Cantora que venceu festival, mas não recebeu premiação, será indenizada por dano moral

Ela fazia jus a gravação de um CD e mais um Web-Clip
A 2ª Turma Recursal do Poder Judiciário de Santa Catarina (TJSC) condenou os organizadores de um festival de música que não entregaram a premiação prometida em favor da vencedora do evento – uma jovem cantora em início de carreira. Ela vai receber R$ 2 mil por danos morais, uma vez que o colegiado entendeu que o fato ultrapassou o mero inadimplemento contratual e frustrou legítima expectativa da vencedora.
O caso envolve cantora que venceu festival promovido pelos recorridos e tinha como premiação a “gravação matriz de um CD + Web-Clip”. Embora a sentença do juízo da 2ª Vara da comarca de Guaramirim tenha reconhecido a obrigação de fazer – ao determinar que os organizadores realizassem a gravação no prazo de 60 dias, sob pena de multa diária de R$ 150, limitada ao valor da causa –, o pedido de indenização por danos morais havia sido rejeitado.
Ao analisar o recurso da autora, o magistrado relator destacou que a controvérsia se limitava à ocorrência ou não de danos morais. Segundo consignou em seu voto, a situação “ultrapassou o mero dissabor”, pois, apesar de vencedora, a artista não recebeu o prêmio prometido, com a necessidade de intervenção judicial para assegurar a obrigação. “Em palavras useiras e vezeiras: ganhou, mas não levou”, registrou o relator.
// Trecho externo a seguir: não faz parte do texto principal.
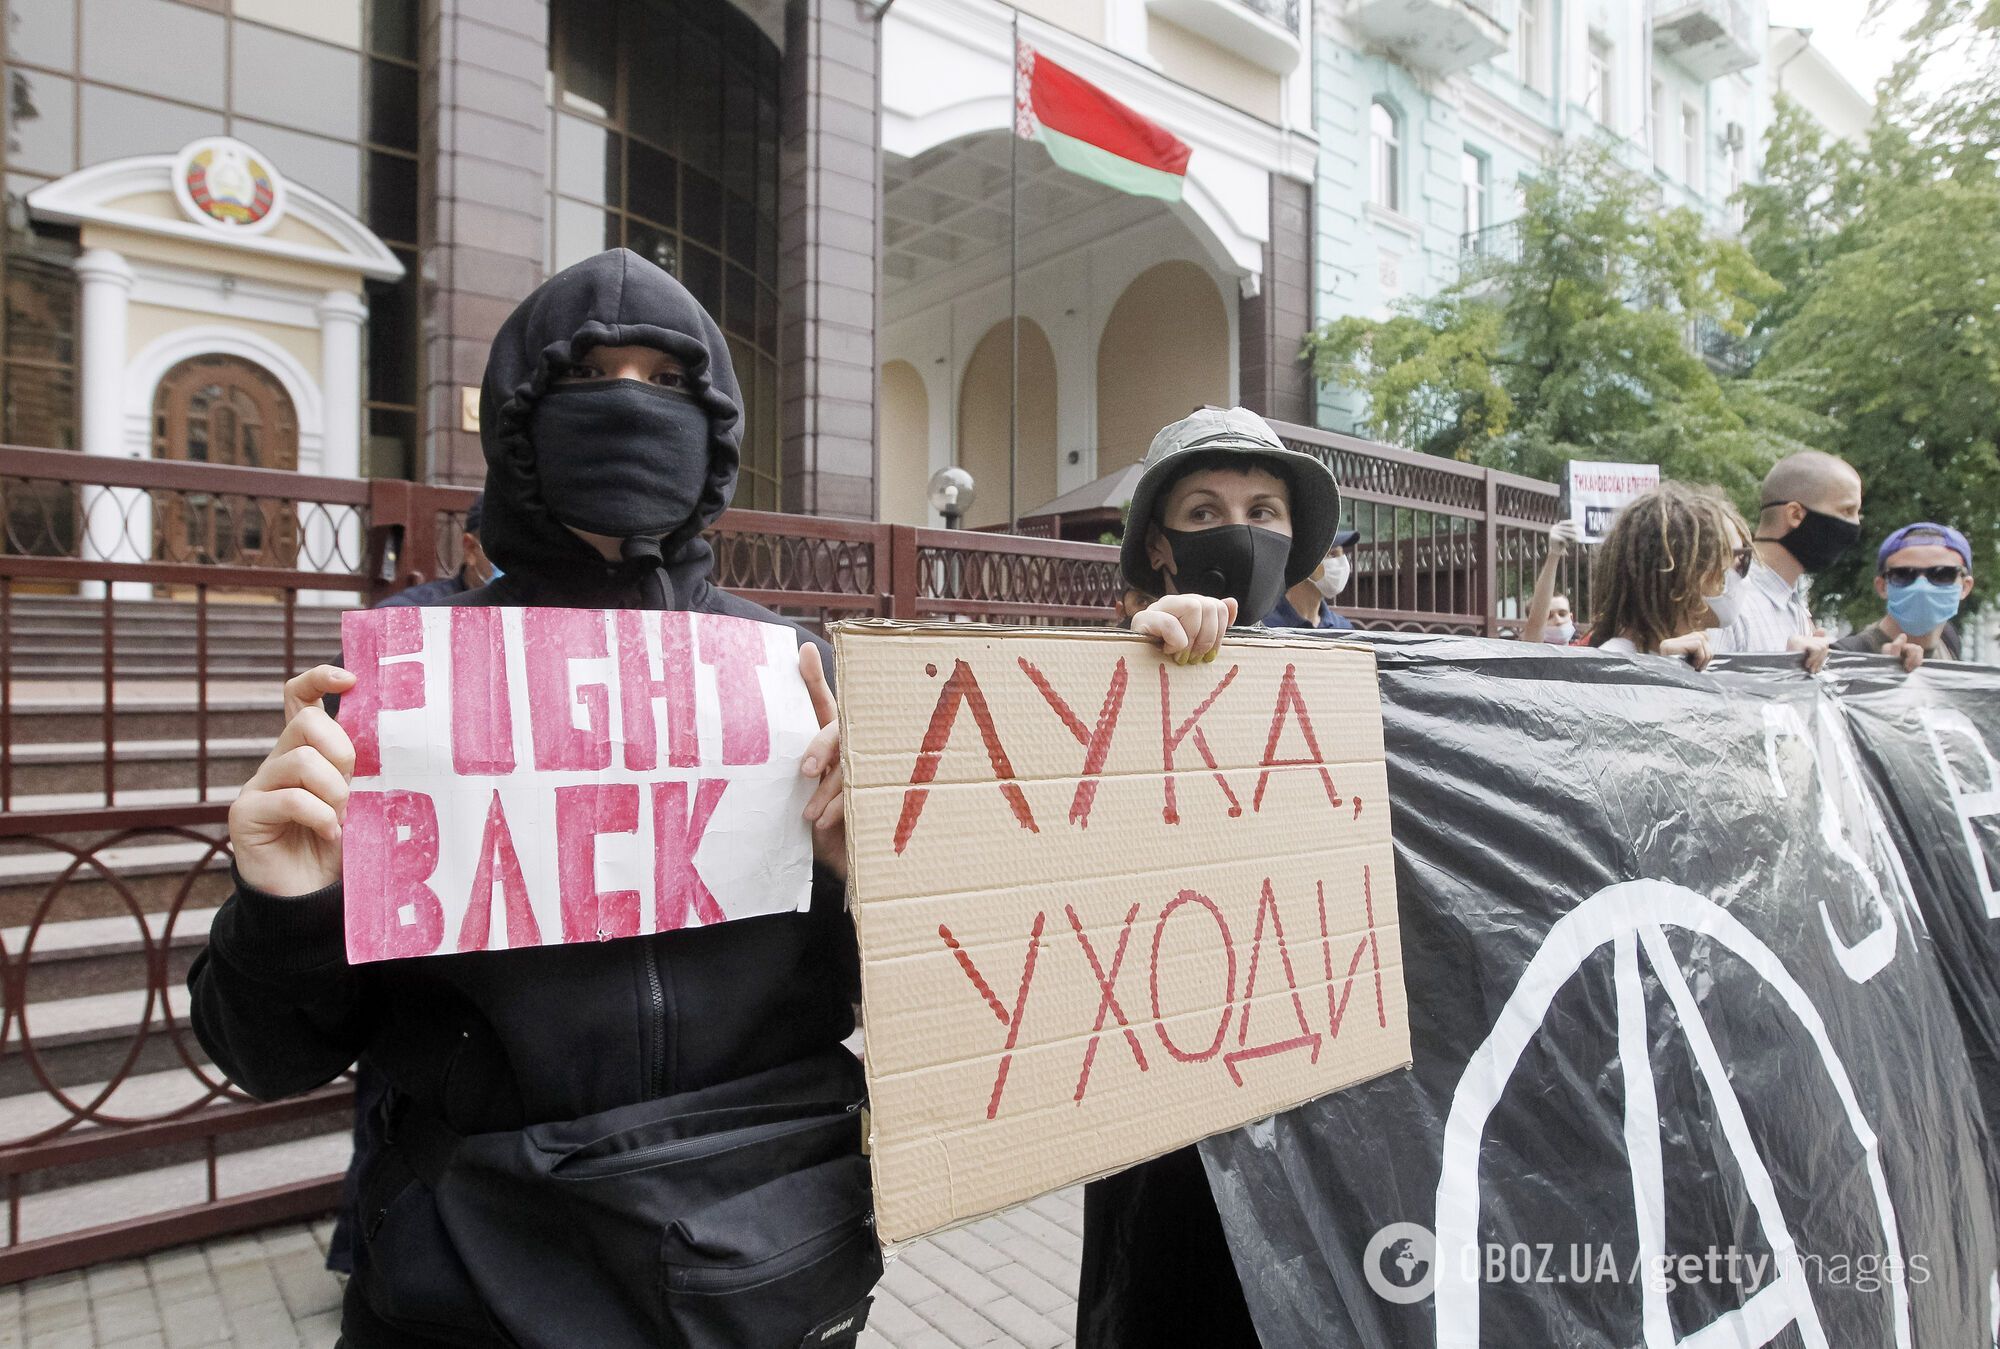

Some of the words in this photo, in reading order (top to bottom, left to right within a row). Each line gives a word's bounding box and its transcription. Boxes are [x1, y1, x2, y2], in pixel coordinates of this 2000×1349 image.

[343, 606, 771, 776] FIGHT
[894, 656, 1363, 857] ЛУКА,
[344, 778, 731, 964] BACK
[938, 864, 1387, 1120] УХОДИ
Para o magistrado, ainda que o dano não seja presumido (in re ipsa), a ausência da gravação e da entrega do material representou privação concreta de oportunidades profissionais, com frustração de expectativa legítima criada pelos promotores do evento. O voto ressalta que o material poderia contribuir para a divulgação da imagem da artista e impulsionar sua carreira, especialmente considerando que a premiação representava a materialização de anos de esforço.
O relator também afirmou que entendimento diverso “seria premiar o descaso” dos organizadores, que somente foram compelidos a cumprir a obrigação após a intervenção do Judiciário. A decisão menciona precedentes das turmas recursais do TJSC em casos de falha na prestação de serviços, nos quais se reconheceu a existência de danos morais diante de circunstâncias que superaram meros aborrecimentos.
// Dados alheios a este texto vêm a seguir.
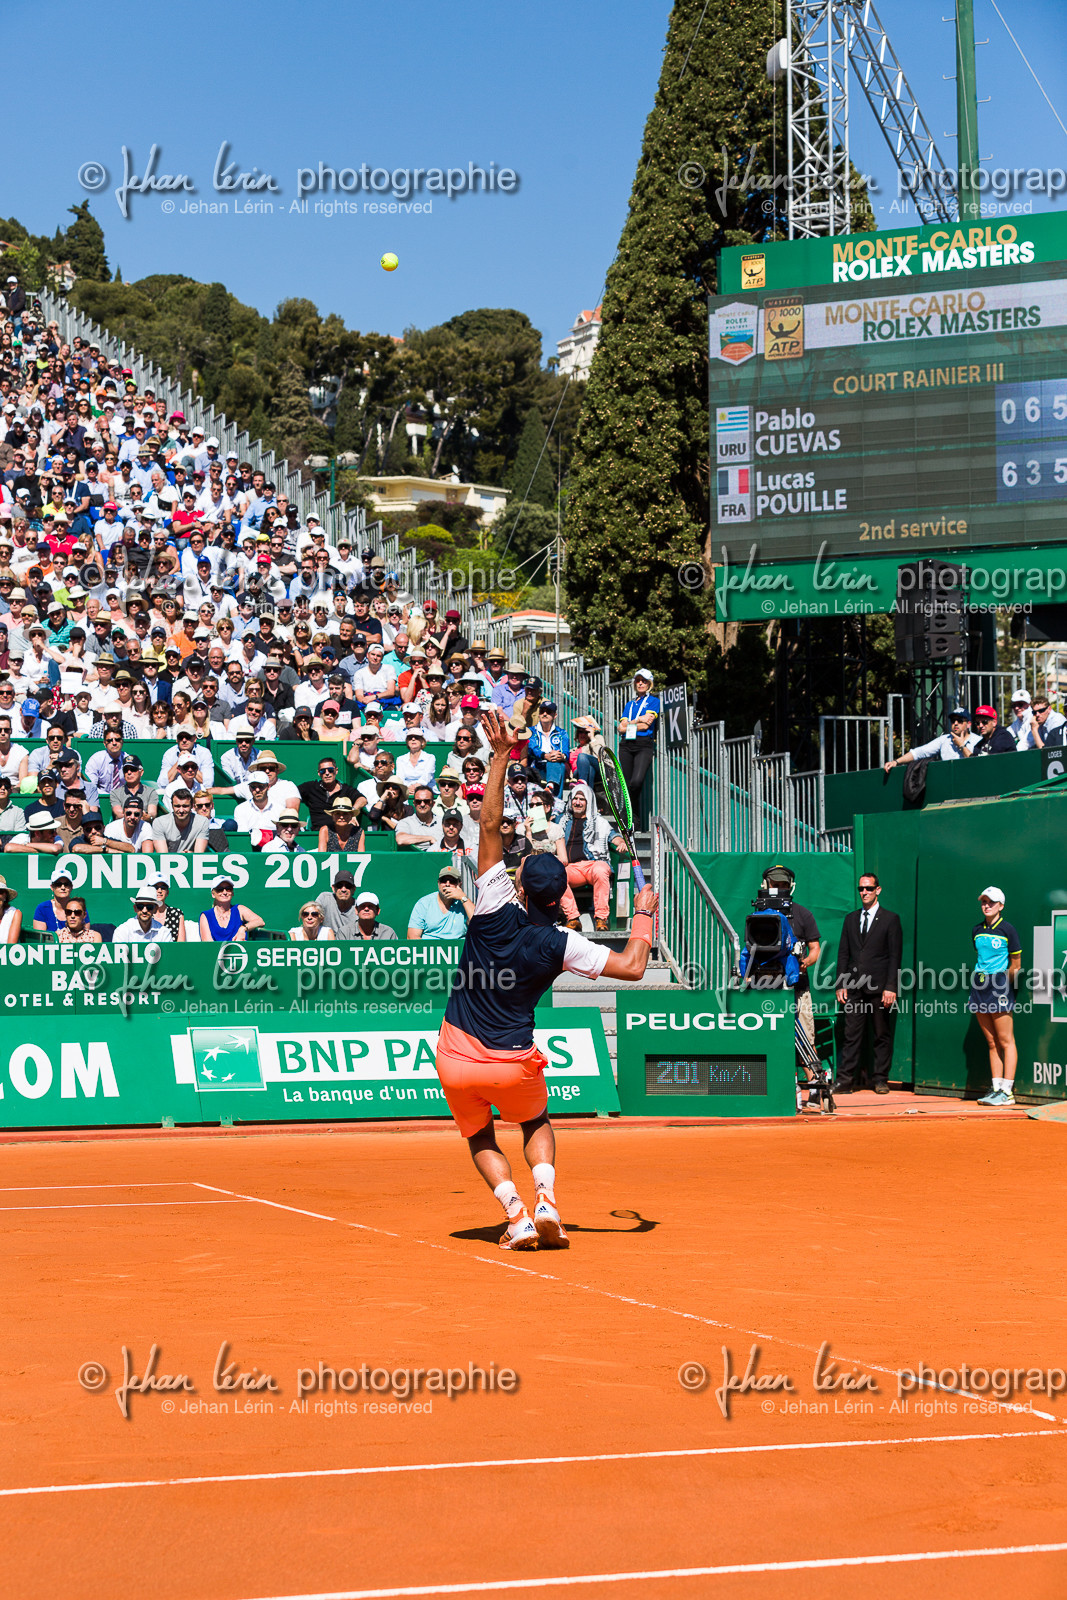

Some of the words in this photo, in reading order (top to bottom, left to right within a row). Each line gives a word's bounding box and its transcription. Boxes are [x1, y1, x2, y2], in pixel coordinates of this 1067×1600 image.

[833, 224, 1017, 263] MONTE-CARLO
[833, 255, 912, 283] ROLEX
[922, 241, 1035, 273] MASTERS
[780, 307, 800, 317] 1000
[825, 291, 985, 326] MONTE-CARLO
[863, 315, 932, 342] ROLEX
[940, 306, 1041, 335] MASTERS
[769, 341, 800, 353] ATP
[833, 372, 898, 394] COURT
[903, 365, 980, 389] RAINIER
[987, 363, 1004, 382] III
[755, 407, 815, 432] Pablo
[1002, 399, 1016, 424] 0
[1025, 397, 1041, 423] 6
[1052, 394, 1067, 420] 5
[719, 443, 746, 456] URU
[755, 430, 841, 456] CUEVAS
[757, 472, 815, 491] Lucas
[1002, 461, 1018, 487] 6
[1026, 460, 1041, 485] 3
[1054, 458, 1067, 483] 5
[721, 503, 746, 517] FRA
[757, 489, 847, 515] POUILLE
[859, 519, 895, 541] 2nd
[900, 516, 968, 538] service
[664, 686, 684, 704] LOGE
[669, 707, 682, 742] K
[1048, 751, 1062, 759] LOGES
[27, 854, 250, 889] LONDRES
[265, 853, 371, 888] 2017
[257, 947, 341, 967] SERGIO
[350, 946, 459, 965] TACCHINI
[52, 970, 99, 991] BAY
[63, 993, 73, 1006] &
[84, 992, 161, 1006] RESORT
[626, 1013, 784, 1031] PEUGEOT
[276, 1039, 369, 1074] BNP
[0, 1042, 120, 1099] OM
[657, 1061, 700, 1084] 201
[710, 1065, 751, 1082] Km/h
[1033, 1062, 1062, 1085] BNP
[282, 1089, 304, 1102] La
[309, 1086, 373, 1104] banque
[380, 1085, 425, 1099] d'un
Diante da violação aos direitos da personalidade da recorrente, o voto fixou a indenização em R$ 2 mil, observados os princípios da razoabilidade e da proporcionalidade, além do caráter punitivo-pedagógico da medida.
Sobre o valor incidirão correção monetária pelo IPCA a partir da data do arbitramento, nos termos da Súmula 362 do Superior Tribunal de Justiça (STJ), além de juros de mora de 1% ao mês desde a última citação até 29 de agosto de 2024. A partir de 30 de agosto de 2024, será aplicada a taxa Selic, descontado o IPCA, conforme detalhado no voto.
Por maioria, vencido um dos magistrados, a 2ª Turma Recursal conheceu do recurso e deu-lhe provimento para reformar parcialmente a sentença e condenar solidariamente três dos réus ao pagamento da indenização por danos morais (Recurso Cível n. 5004134-29.2021.8.24.0026).